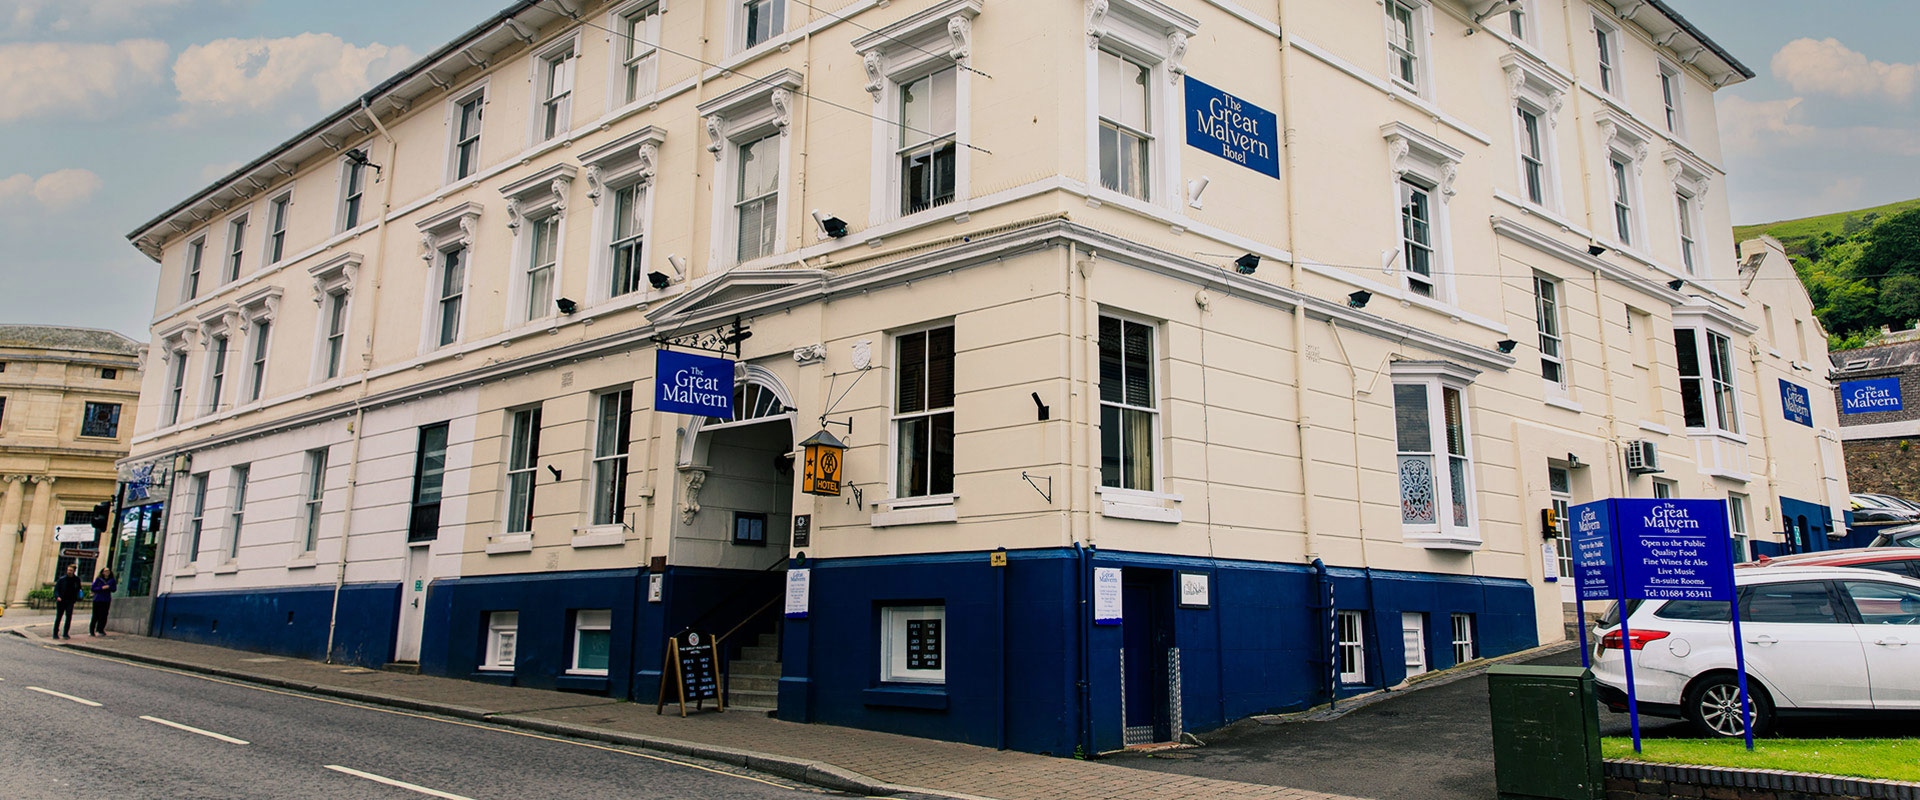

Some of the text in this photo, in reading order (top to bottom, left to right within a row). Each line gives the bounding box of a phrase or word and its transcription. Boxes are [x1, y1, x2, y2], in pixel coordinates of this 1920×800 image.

[1223, 93, 1242, 112] The
[1210, 97, 1259, 136] Great
[1196, 109, 1269, 160] Malvern
[1222, 143, 1247, 164] Hotel
[690, 366, 704, 376] The
[675, 369, 719, 391] Great
[662, 383, 728, 408] Malvern
[1786, 387, 1805, 405] Great
[1854, 388, 1890, 400] Great
[1784, 397, 1809, 417] Malvern
[1846, 397, 1899, 409] Malvern
[817, 480, 838, 492] HOTEL
[1580, 510, 1596, 522] Great
[1652, 506, 1689, 518] Great
[1578, 521, 1601, 532] Malvern
[1643, 516, 1700, 528] Malvern
[1641, 540, 1660, 548] Open
[1652, 549, 1678, 558] Quality

******

### [Assignment]
Without including any images, output the data exactly as given.

### [Written answer]
Some of the text in this photo, in reading order (top to bottom, left to right within a row). Each line gives the bounding box of a phrase or word and its transcription. Boxes are [x1, y1, x2, y2], in pixel coordinates of this 1920×800 image.

[1223, 93, 1242, 112] The
[1210, 97, 1259, 136] Great
[1196, 109, 1269, 160] Malvern
[1222, 143, 1247, 164] Hotel
[690, 366, 704, 376] The
[675, 369, 719, 391] Great
[662, 383, 728, 408] Malvern
[1786, 387, 1805, 405] Great
[1854, 388, 1890, 400] Great
[1784, 397, 1809, 417] Malvern
[1846, 397, 1899, 409] Malvern
[817, 480, 838, 492] HOTEL
[1580, 510, 1596, 522] Great
[1652, 506, 1689, 518] Great
[1578, 521, 1601, 532] Malvern
[1643, 516, 1700, 528] Malvern
[1641, 540, 1660, 548] Open
[1652, 549, 1678, 558] Quality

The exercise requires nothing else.